Die Prognose für den Morbus Perthes ist relativ gut. Es gilt, je jünger das Kind, desto besser die Prognose. Ältere Kinder mit Head-at-risk-Zeichen und Kinder im Catteral-Stadium III und IV zeigen deutlich schlechtere Ergebnisse.
Der Spontanverlauf der Hüftkopfnekrose des Erwachsenen ist meist progredient. Eine Selbstheilung ist nicht zu erwarten. Das Risiko des Befalls der Gegenseite ist insbesondere in den ersten 24 Monaten hoch.
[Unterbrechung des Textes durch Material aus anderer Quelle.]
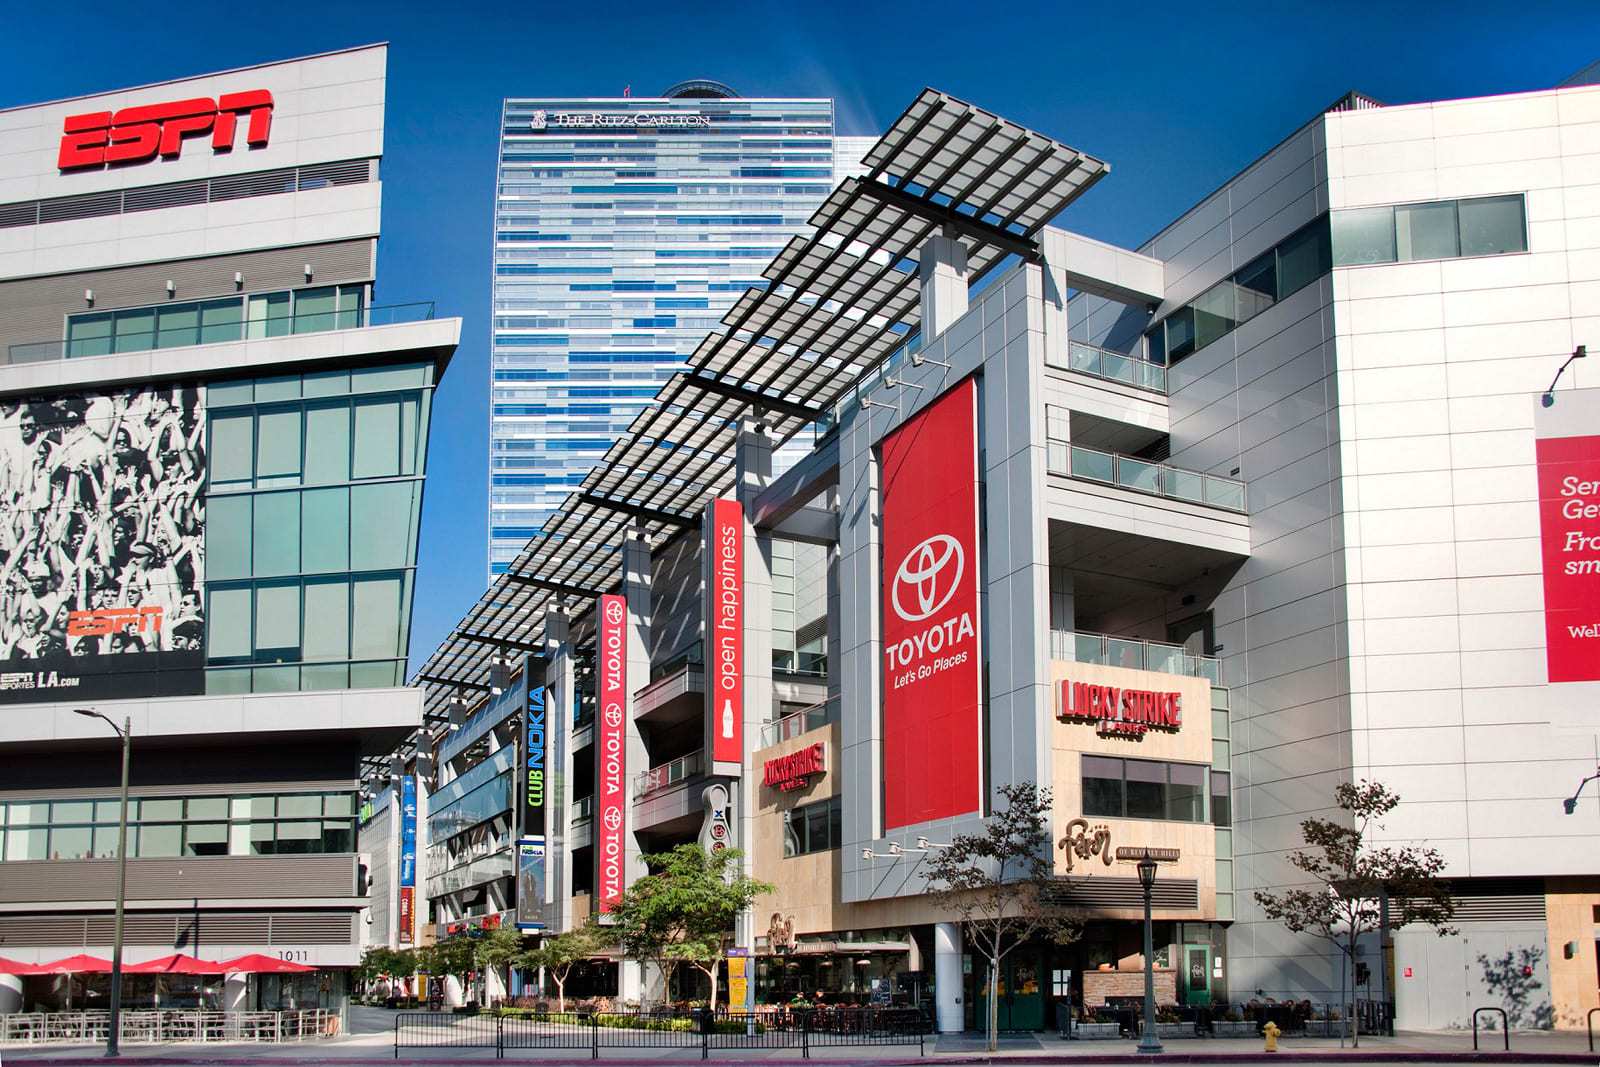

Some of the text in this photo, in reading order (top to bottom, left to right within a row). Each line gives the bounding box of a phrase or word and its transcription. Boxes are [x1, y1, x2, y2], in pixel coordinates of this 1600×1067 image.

[57, 89, 274, 169] ESPN
[554, 112, 711, 126] THE RITZ-CARLTON
[68, 606, 163, 636] ESPN
[718, 525, 739, 690] open happiness
[607, 627, 621, 691] TOYOTA
[886, 612, 975, 671] TOYOTA
[894, 651, 968, 689] Let's Go Places
[1056, 680, 1182, 726] LUCKY STRIKE
[1099, 720, 1148, 733] LANES
[528, 686, 545, 806] CLUB NOKIA
[606, 729, 620, 795] TOYOTA
[605, 832, 619, 900] TOYOTA
[279, 951, 308, 961] 1011
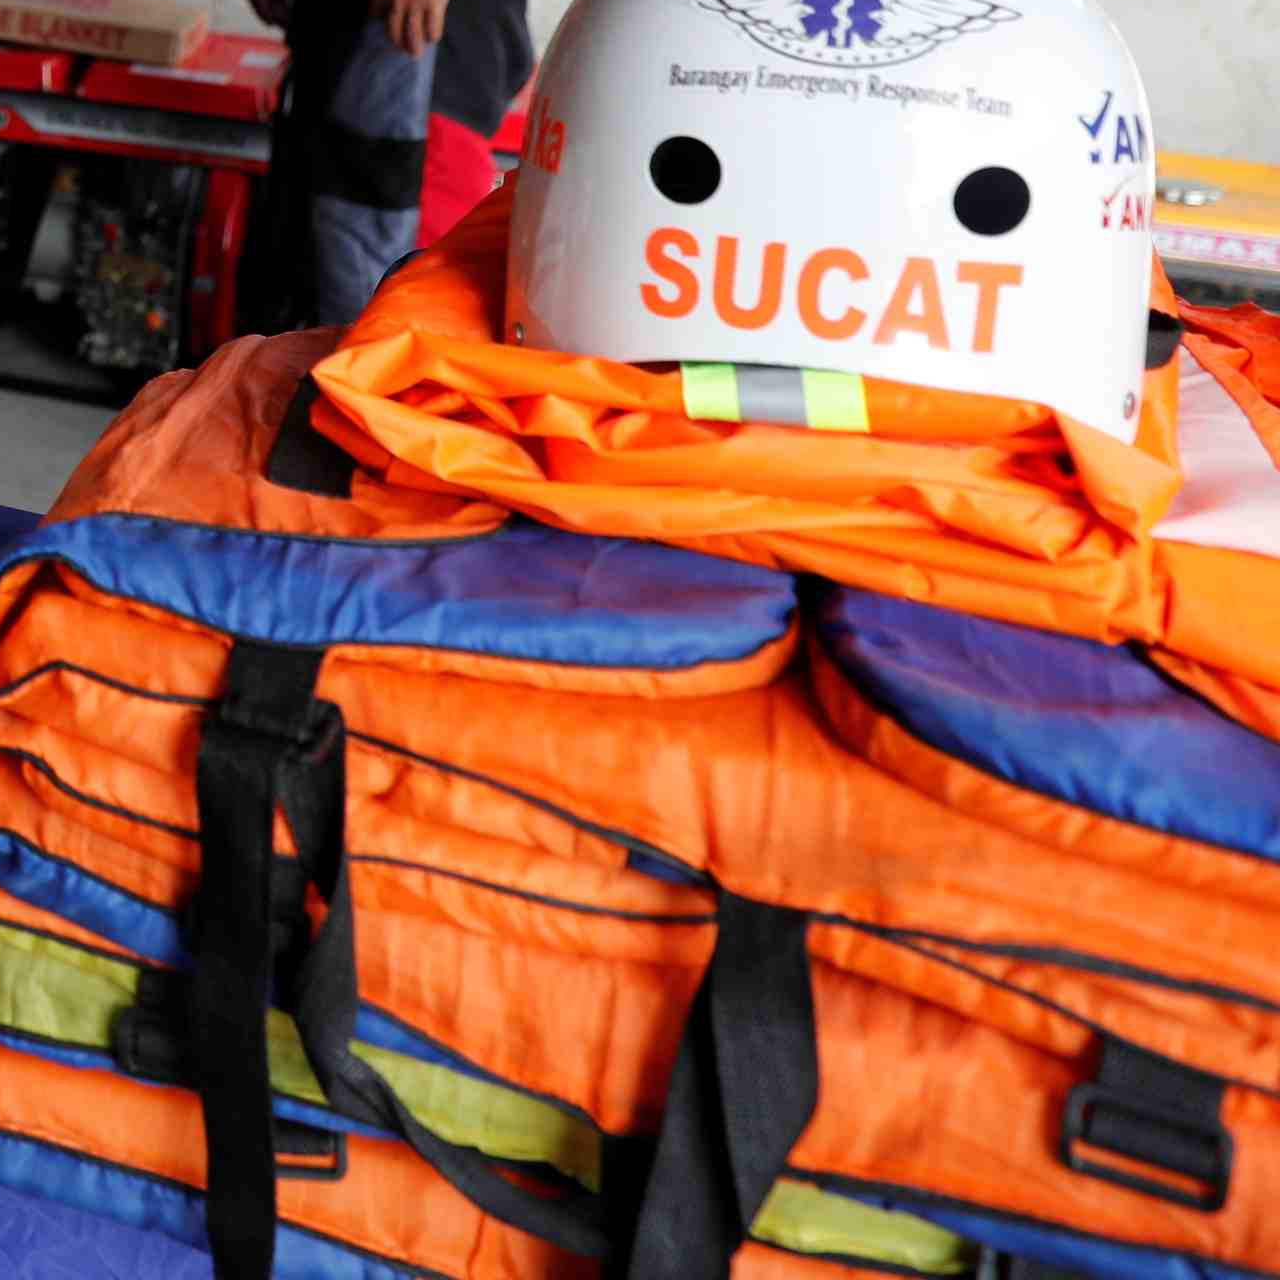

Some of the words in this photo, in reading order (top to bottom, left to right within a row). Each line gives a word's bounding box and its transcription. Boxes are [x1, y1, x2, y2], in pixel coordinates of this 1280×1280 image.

[19, 10, 131, 53] BLANKET
[668, 64, 751, 94] Barangay
[755, 65, 861, 97] Emergency
[867, 77, 960, 108] Response
[965, 88, 1014, 118] Team
[639, 226, 1024, 354] SUCAT
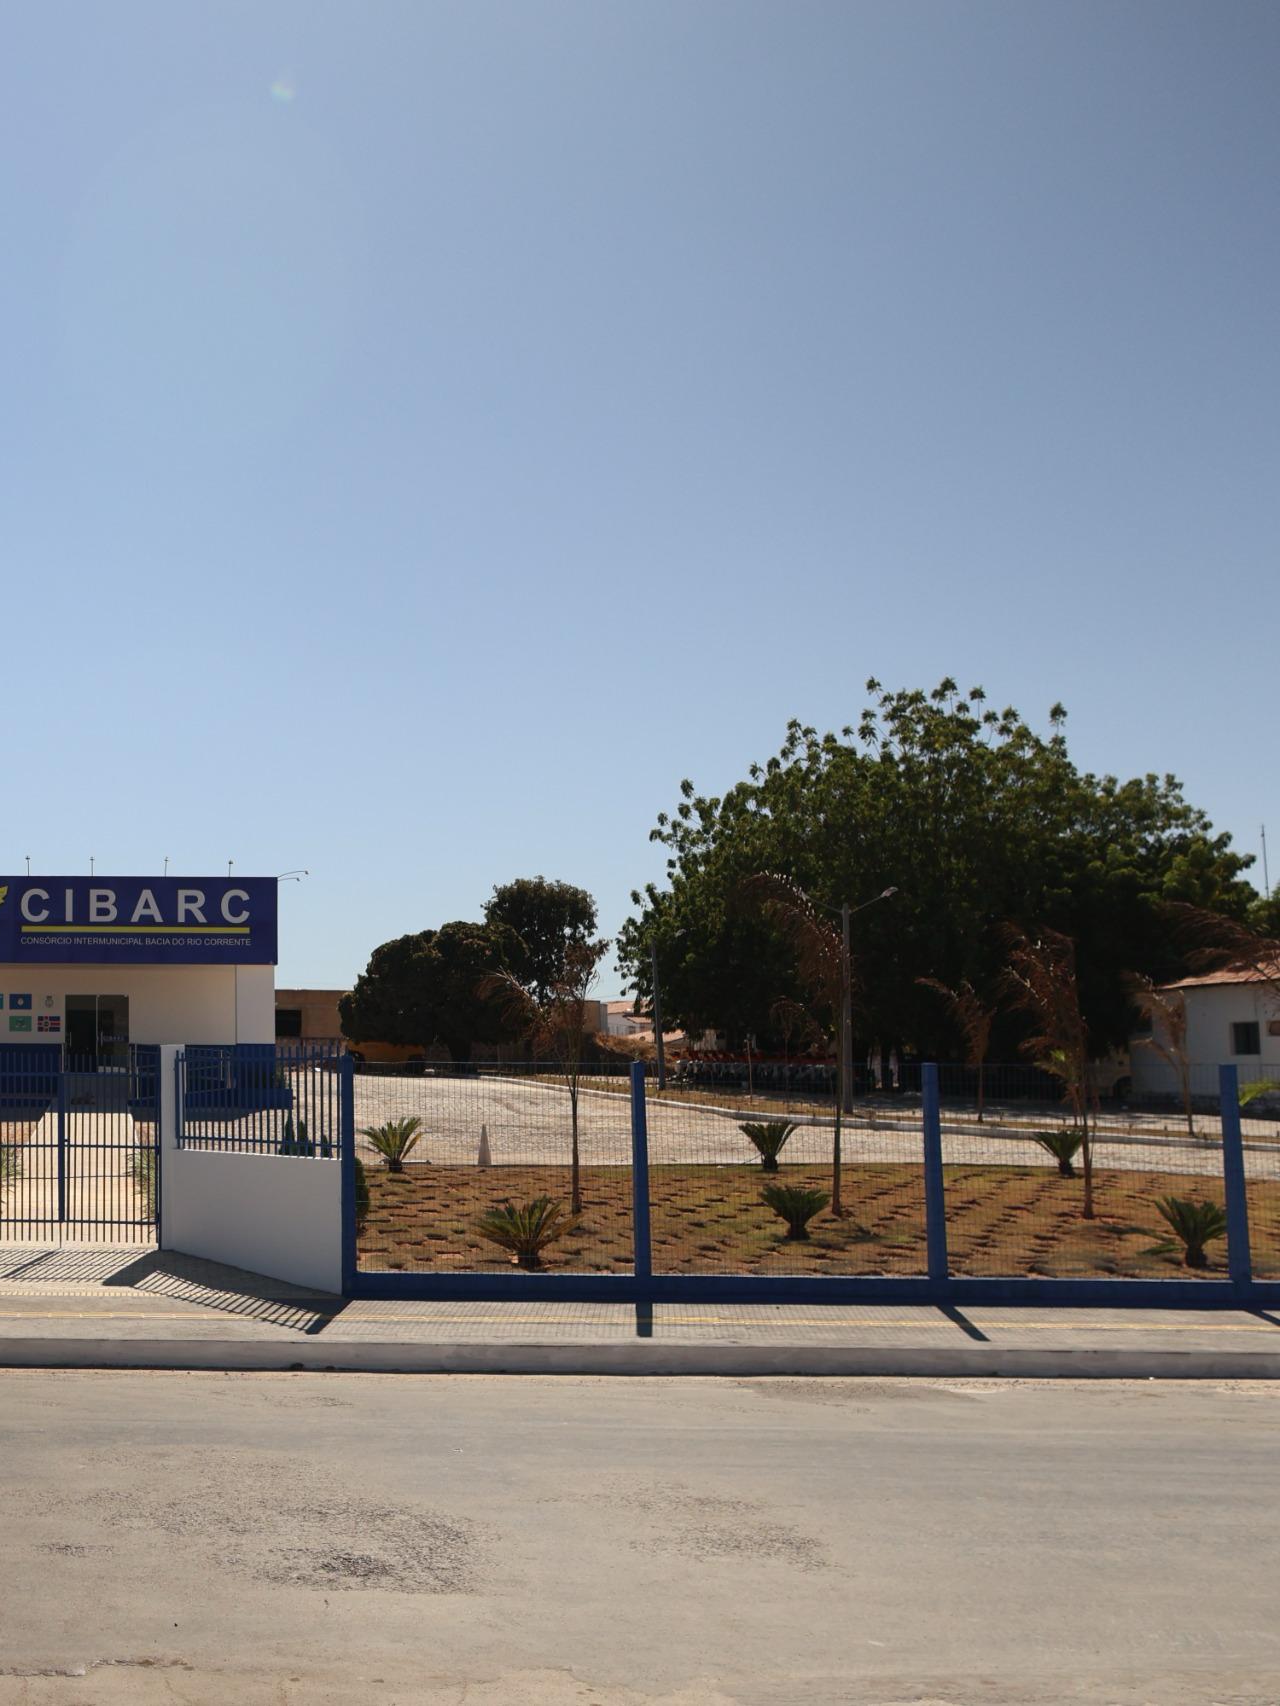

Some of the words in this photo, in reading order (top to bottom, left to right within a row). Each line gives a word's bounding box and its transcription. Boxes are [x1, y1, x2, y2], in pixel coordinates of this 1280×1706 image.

[20, 887, 251, 924] CIBARC
[20, 935, 72, 945] CONSÓRCIO
[73, 936, 144, 946] INTERMUNICIPAL
[145, 937, 171, 946] BACIA
[171, 937, 186, 946] DO
[186, 937, 202, 946] RIO
[203, 938, 251, 947] CORRENTE
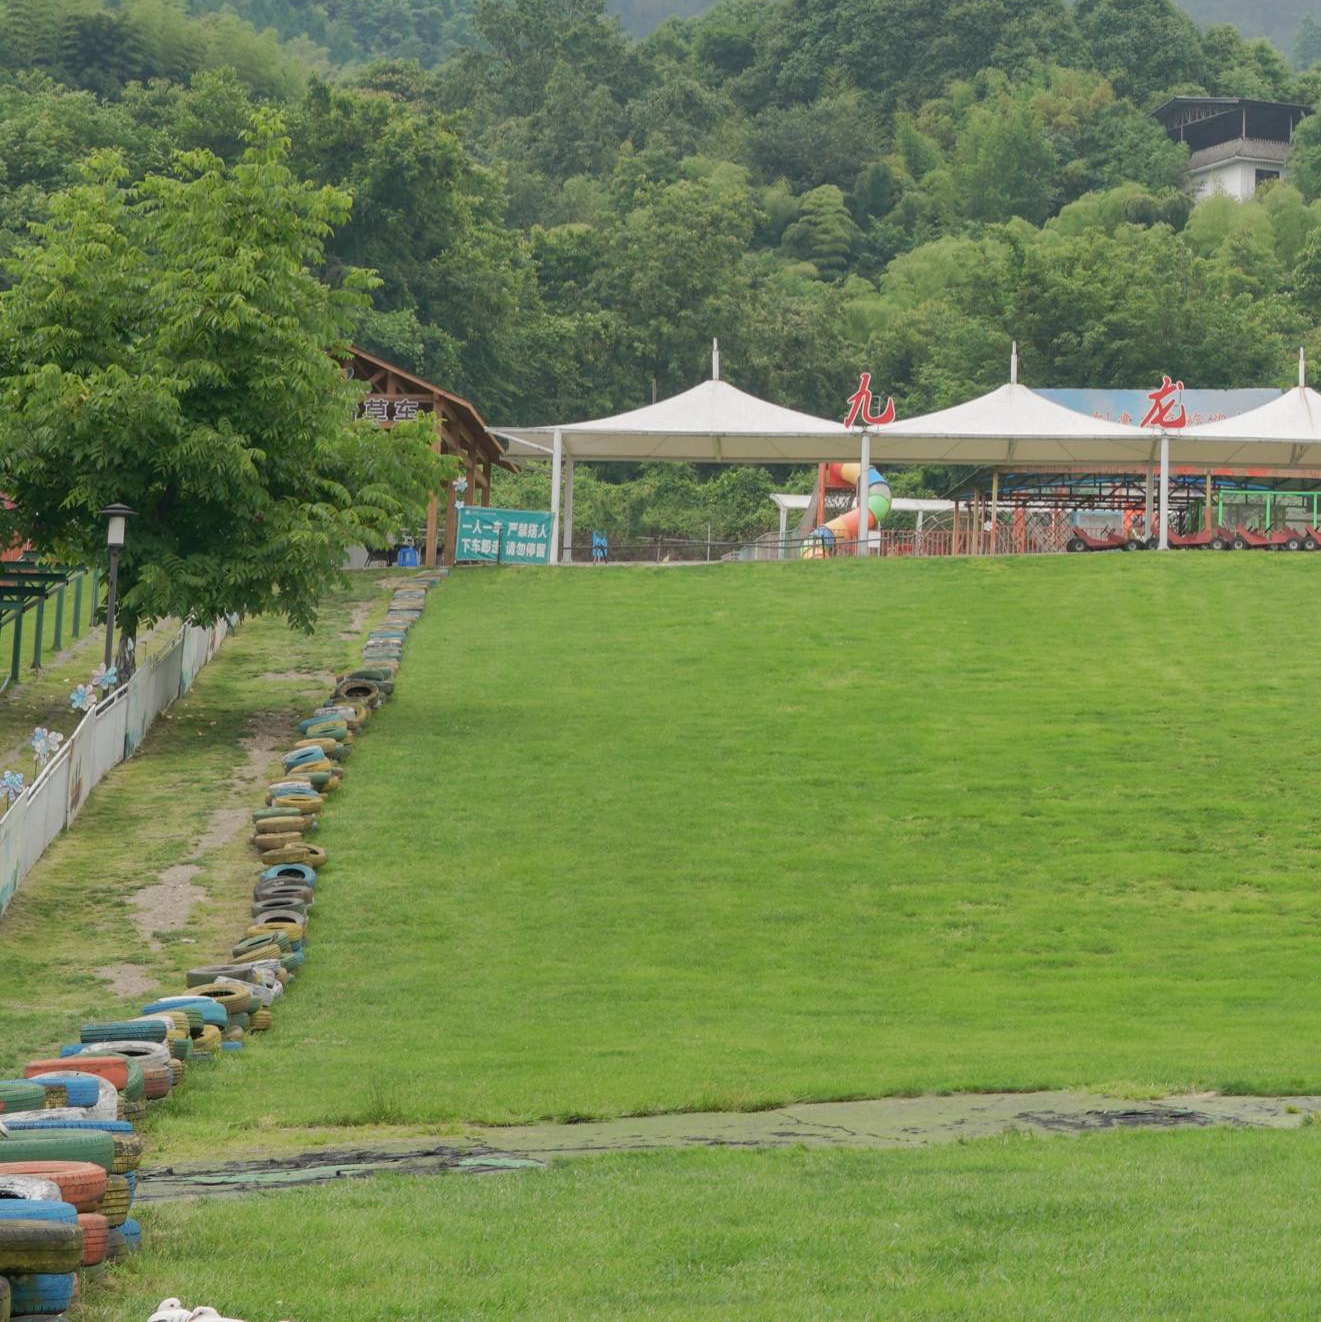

Die Erfolgsrate der Markraumbohrung ist abhängig vom Stadium und der Ausdehnung der Nekrose. Die Dekompression durch Entfernung eines Knochenzylinders (Core decompression) ist vor allem im Stadium 1 und bei geringer Nekrosenausdehnung erfolgreich. Sie sollte mit der Implantation von Knochenmarkzellen kombiniert werden, was der konservativen Therapie überlegen ist (Saini et al. 2023; Migliorini et al. 2021). Demgegenüber ist die Implantation des Tantalzylinders unterlegen (Liu et al. 2021). Die Umstellungsosteotomie kann vor allem für Patienten im Stadium 2 bis 3 und bei geringer Nekrosenausdehnung zu einem guten Ergebnis führen (Xu und Zeng 2022). Die nachfolgende Prothesenimplantation ist technisch schwieriger ist, hat aber ebenfalls gute klinische Ergebnisse (Shigemura et al. 2018).
Die klinischen Ergebnisse der Hüftprothetik nach Morbus Perthes und bei Hüftkopfnekrose sind mit denen bei primärer Koxarthrose vergleichbar, die Revisionsraten sind allerdings im Australischen Register erhöht (Australian Arthroplasty Register 2022).

Fazit für die Praxis

Der Morbus Perthes ist eine ernst zu nehmende Erkrankung des Heranwachsenden. Die Erkrankung verläuft in Stadien. Die Diagnostik und stadiengerechte rechtzeitige Therapie ist zur Vermeidung der frühen sekundären Koxarthose entscheidend.
Die Genese der aseptischen Hüftkopnekrose des Erwachsenen ist multifaktoriell. Ein Erhalt des Hüftkopfes ist nur in den frühen Anfangsstadien möglich.
Daher ist bei beiden Erkrankungen zur Sicherung der Diagnose neben der konventionellen radiologischen Diagnostik in der Regel eine Kernspinuntersuchung notwendig.
Die endoprothetische Versorgung der sekundären Koxarthrose kann durch Voroperationen oder begleitende Osteoporose erschwert sein.